Neither the Braves, nor any other team, thought enough of Strasburg in the summer of 2006 to draft him out of high school, so Strasburg went to San Diego State to play for Coach Tony Gwynn's Aztecs, and it was there that the remarkable transformation occurred, and Strasburg became the pitcher, the competitor and the young man he is today.

"He didn't have much composure or much confidence in the beginning," Gwynn said. "I had serious questions about whether he was ready for the college game."

The team's strength and conditioning coaches and some upperclassmen on the team put the freshman Strasburg through a military-style boot camp, making him run until he literally threw up and teaching him about nutrition, weight-lifting and yoga. When Battista encountered Strasburg again toward the end of that year, the kid lifted up his shift and said, "Look, coach. I have abs now!"
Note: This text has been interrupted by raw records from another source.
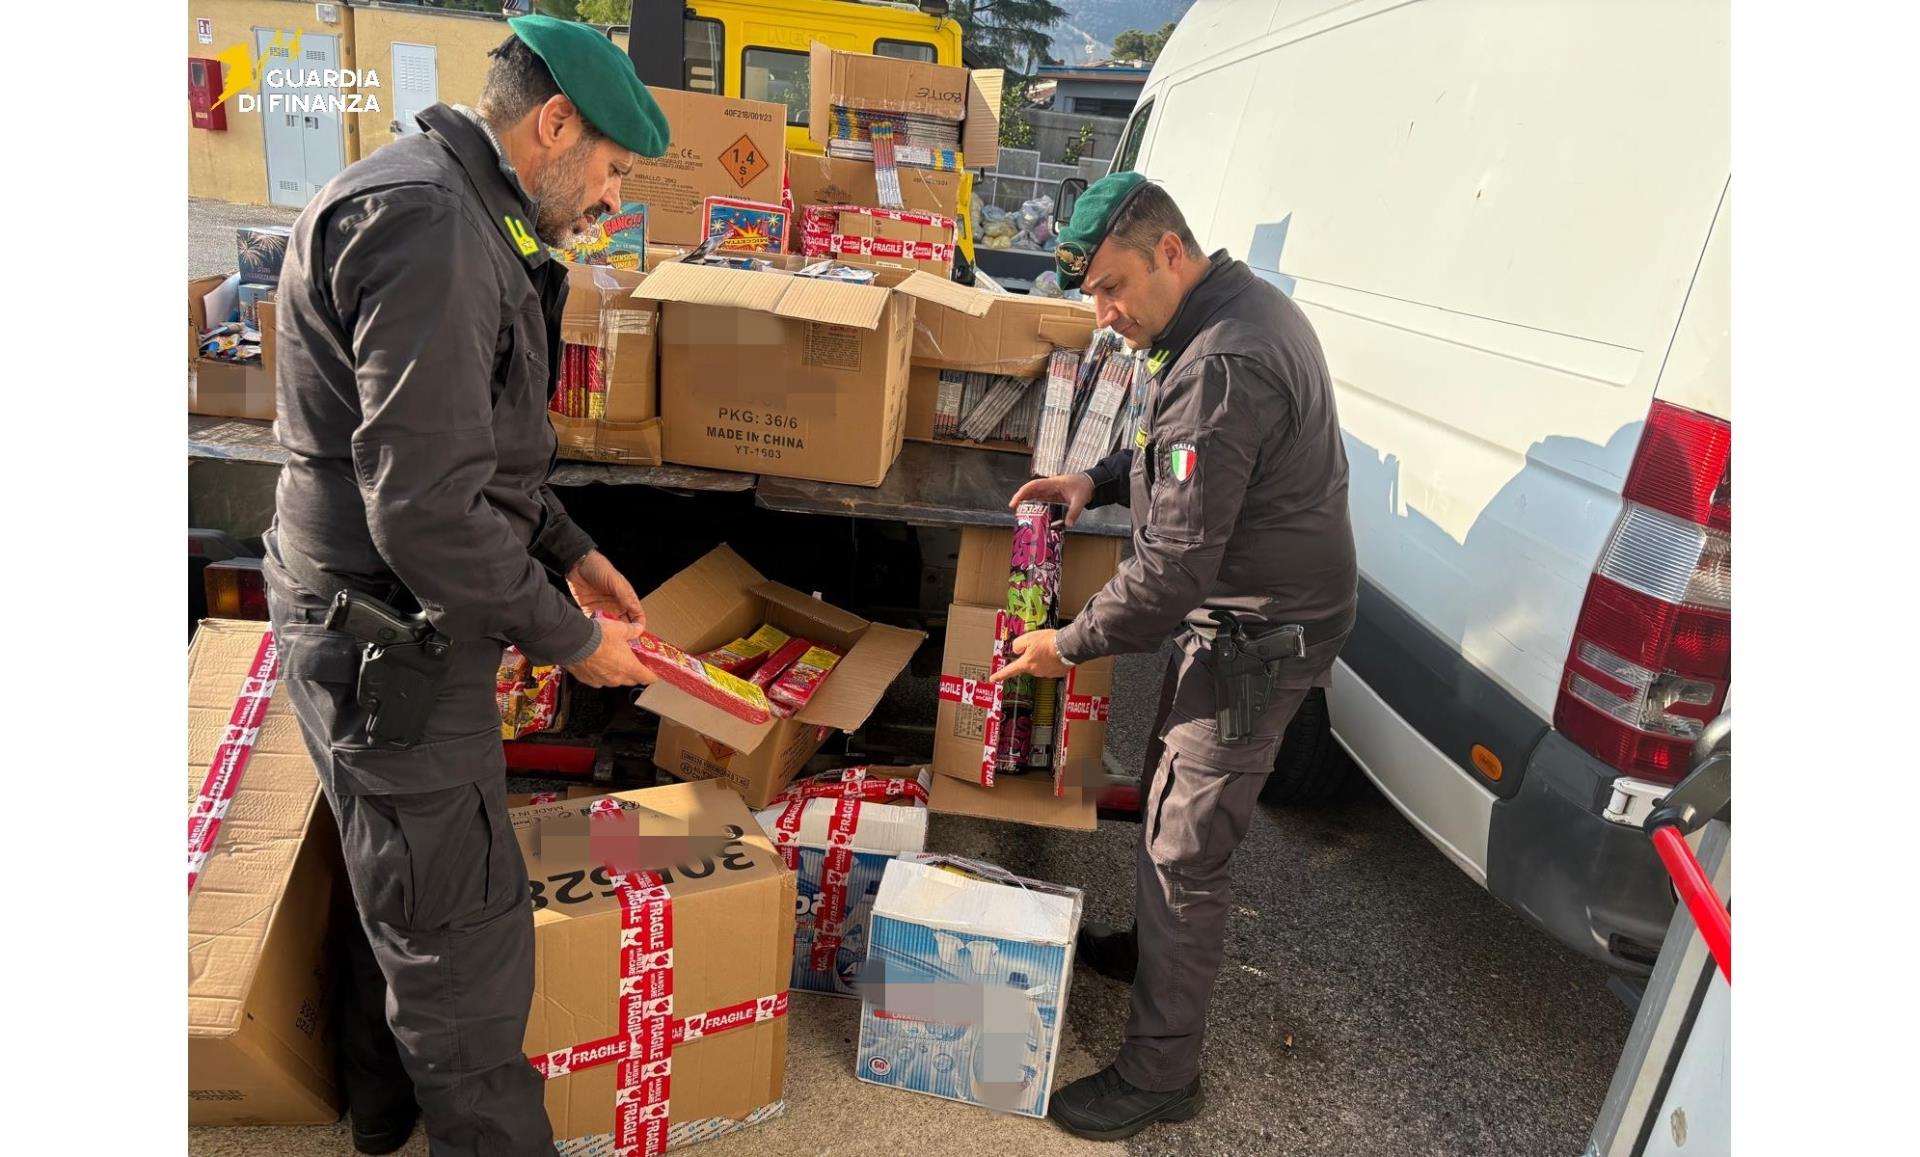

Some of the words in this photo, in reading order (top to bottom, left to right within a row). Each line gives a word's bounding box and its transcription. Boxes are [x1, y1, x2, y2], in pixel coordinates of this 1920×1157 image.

[732, 148, 755, 166] 1.4
[739, 167, 748, 176] S
[872, 242, 902, 253] FRAGILE
[718, 407, 760, 425] PKG:
[765, 413, 798, 429] 36/6
[706, 425, 742, 441] MADE
[746, 431, 760, 442] IN
[763, 433, 804, 450] CHINA
[1171, 443, 1196, 453] ITALIA
[1067, 702, 1091, 714] FRAGILE
[648, 901, 665, 950] FRAGILE
[705, 1008, 754, 1030] FRAGILE
[650, 1016, 665, 1060] FRAGILE
[572, 1040, 627, 1066] FRAGILE
[623, 1102, 638, 1145] FRAGILE
Strasburg was also tested on the mound, as the Aztecs used him at first as a middle reliever, then gradually put him into higher-leverage situations. By the end of his freshman year, with his weight in the 220s and his fastball in the upper 90s, he was their closer.

"We put him in every hot box we could," said Rusty Filter, Strasburg's pitching coach at San Diego State. "He really thrived on that."
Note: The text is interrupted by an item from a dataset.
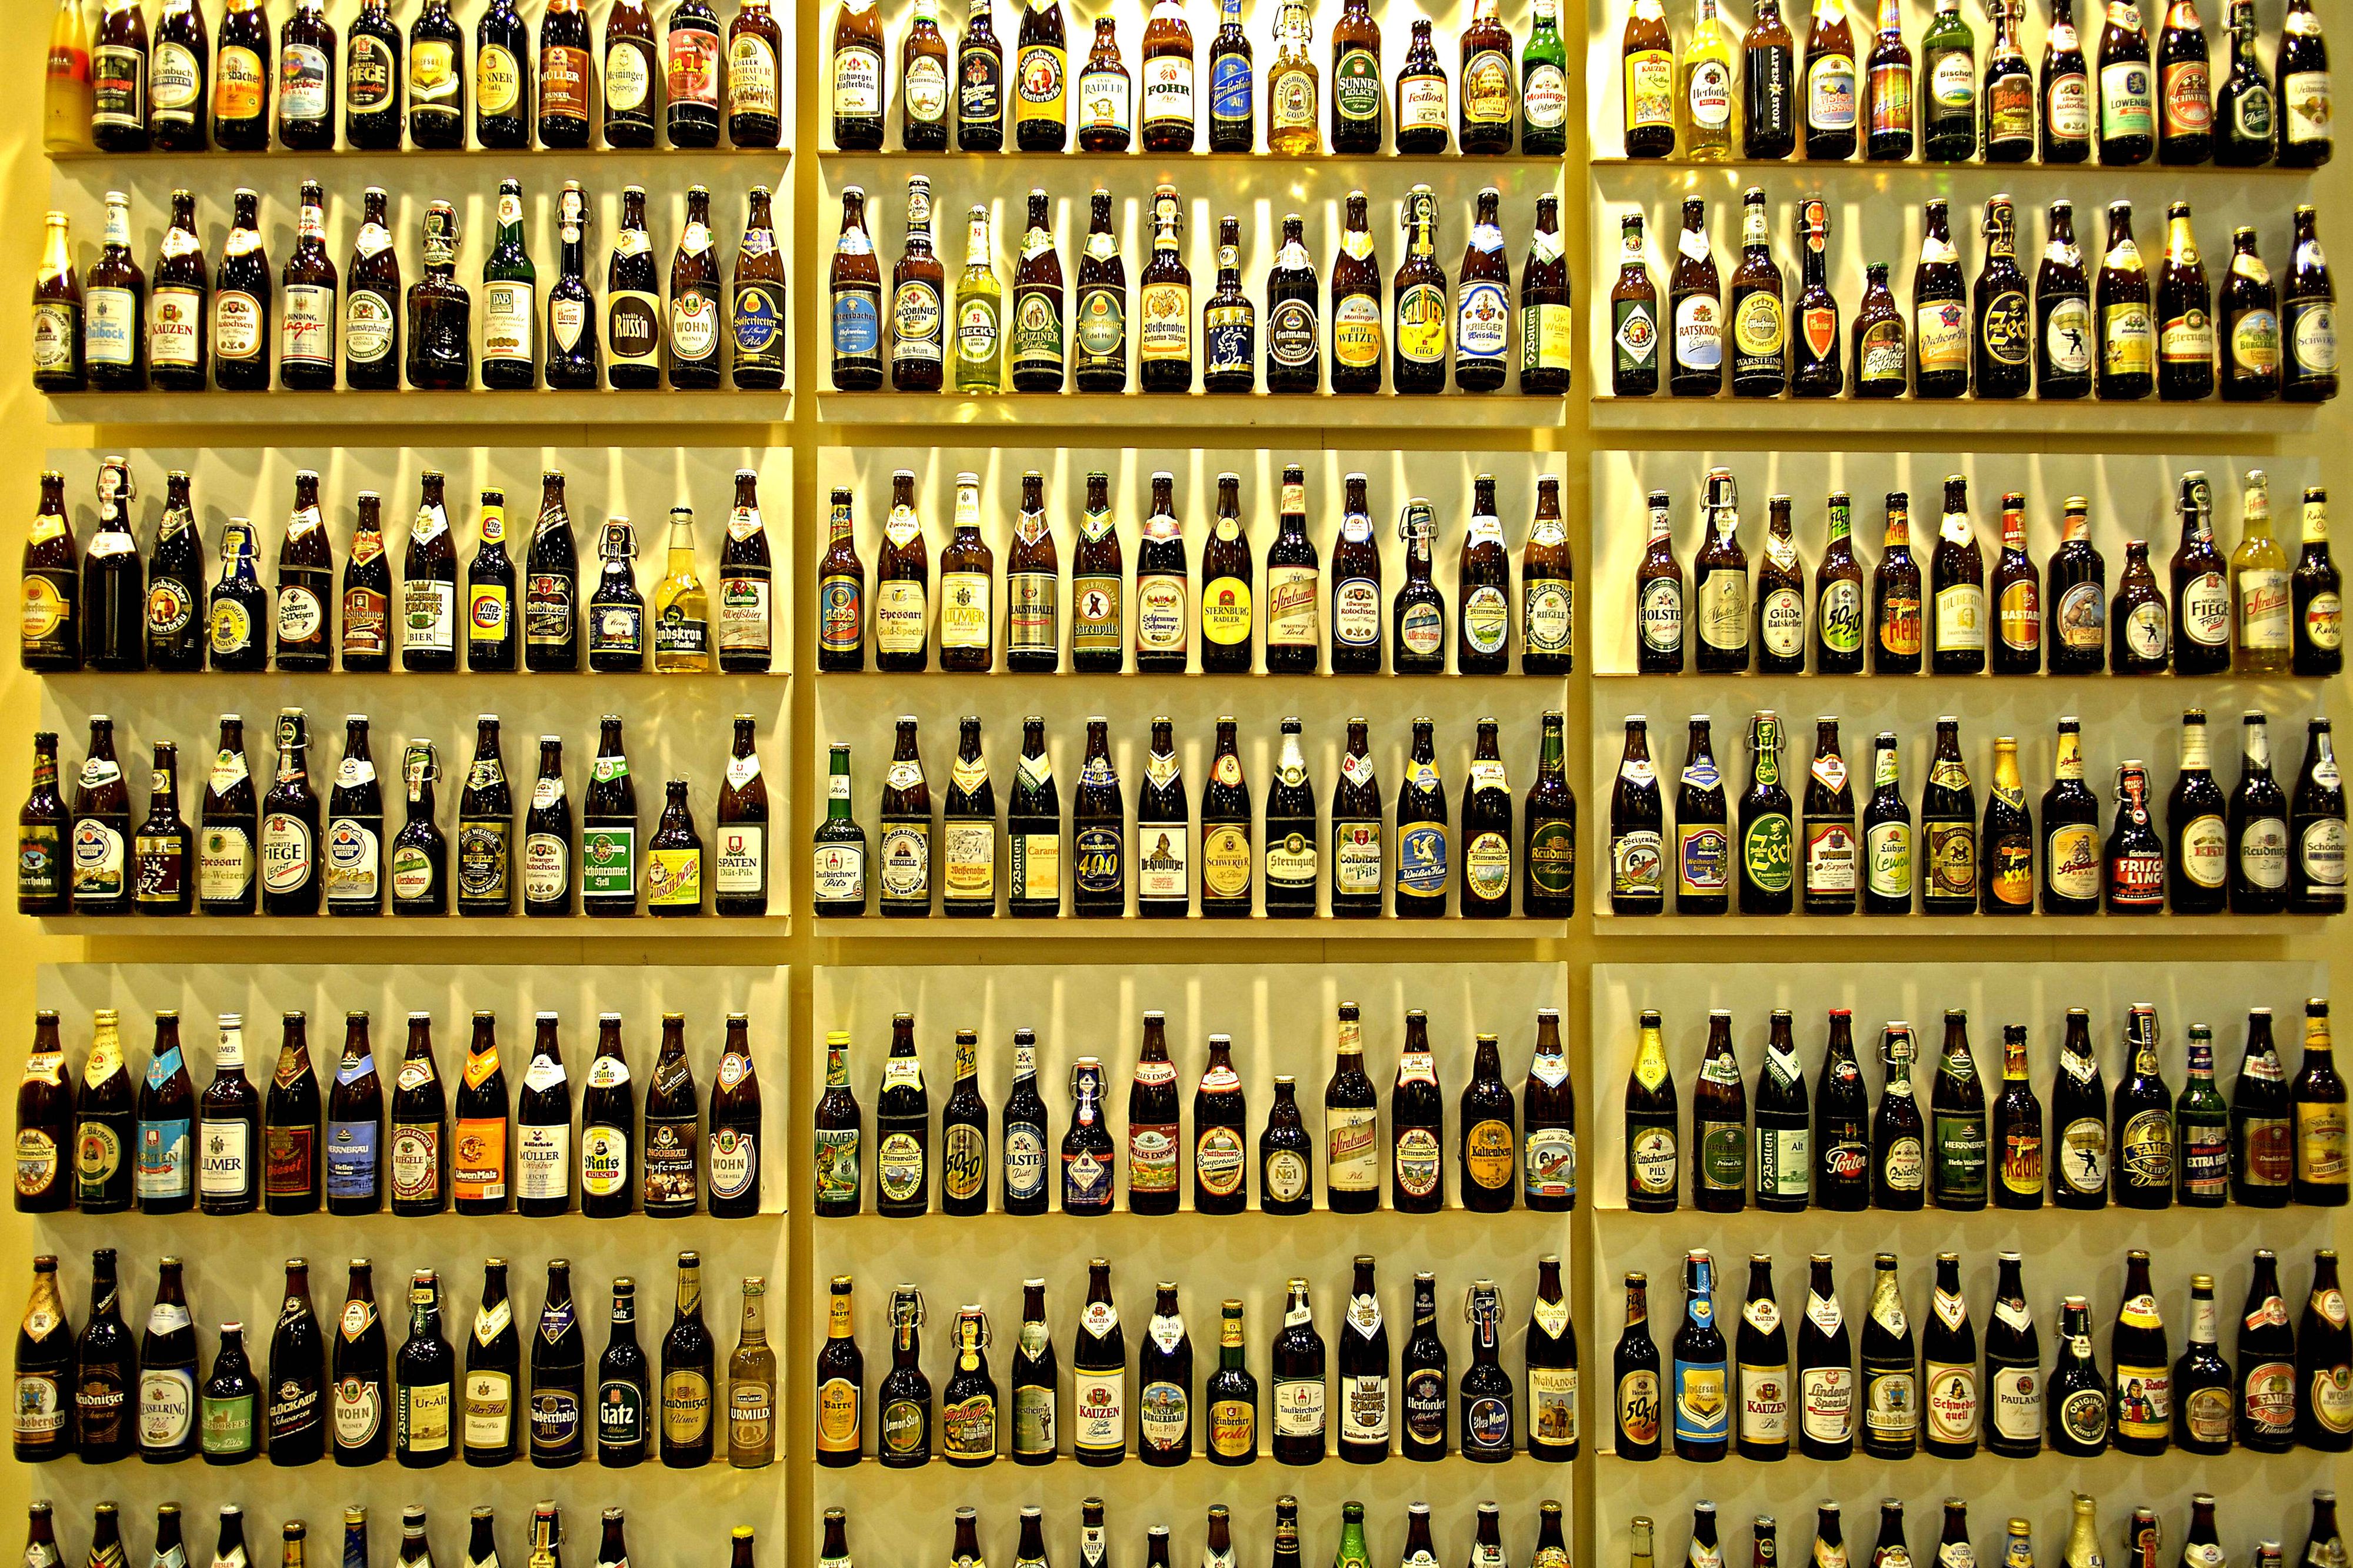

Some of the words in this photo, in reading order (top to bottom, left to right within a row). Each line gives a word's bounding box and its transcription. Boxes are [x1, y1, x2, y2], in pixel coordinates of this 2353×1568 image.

It was around this time that teammates began to notice Strasburg's "higher gear," which he would reach for -- instead of melting down -- when something didn't sit well with him, such as when some batter "squared up" his heater. Midway through his freshman year, he lost a game at Utah when a junior catcher named Jesse Shriner singled home the go-ahead run in the bottom of the ninth.
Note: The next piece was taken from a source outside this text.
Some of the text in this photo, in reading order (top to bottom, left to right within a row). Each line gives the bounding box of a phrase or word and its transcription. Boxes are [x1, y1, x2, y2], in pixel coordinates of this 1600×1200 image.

Strasburg didn't forget. The next time he faced Shriner, a year later -- when Strasburg, now a sophomore, was in the Aztecs' rotation -- he struck him out four times. That, in fact, was the famed 23-strikeout game, the one that shot Strasburg to the top of every top draft-prospect list in baseball and turned him into an amateur phenomenon.

At the end of the eighth inning of that game, with Strasburg already having thrown 118 pitches and compiled 21 strikeouts, Gwynn and Filter discussed pulling him from the game. But before they could decide, Strasburg, the same kid who owned not a shred of confidence when he arrived two years earlier, strode past them and blurted, "I'm not coming out."

Indeed, it is when Strasburg pitches with a chip on his shoulder that he is at his best. Witness the already-legendary June 8 debut against the Pirates. Strasburg's performance that night turned on the solo home run by Pirates right fielder Delwyn Young in the fourth inning. He faced 10 batters after that. Eight of them struck out -- including Young, who had no chance against fastballs of 98, 98 and 99 mph.

"If you could design a pitcher with all the things you'd want, he has them all," McCatty said. "That competitive fire is like the final piece. On top of everything else he has, it just pushes him over the top."

Because of a near-miss alignment of pitching rotations last week, the world was robbed of an opportunity to see something epic: Strasburg going after one of his nemeses, Leake, his former Little League and scout team teammate, who pitched one day before Strasburg when the Nationals visited Cincinnati.

In early June, just days before Strasburg would make his extraordinary big league debut, a story about Leake appeared in USA Today, in which Leake recalled playing alongside Strasburg as kids, and said, "He was overweight, pouty and used to cry." Leake further mused that it would be "a nice little competition" to face Strasburg in the majors.

Back in San Diego, Erik Castro, Strasburg's catcher at SDSU and the best man at his wedding, read the story and -- knowing how it would make Strasburg burn -- immediately called him to see if he had seen it. Strasburg had seen it, all right. And he was steaming.

Leake was officially on The List.

"It really fired him up," Castro said. "I was the first person to talk to him about it. He got so fired up. He wants to pitch against [Leake]. He said some other things that aren't appropriate to put in a newspaper. But he definitely wants a piece of that kid."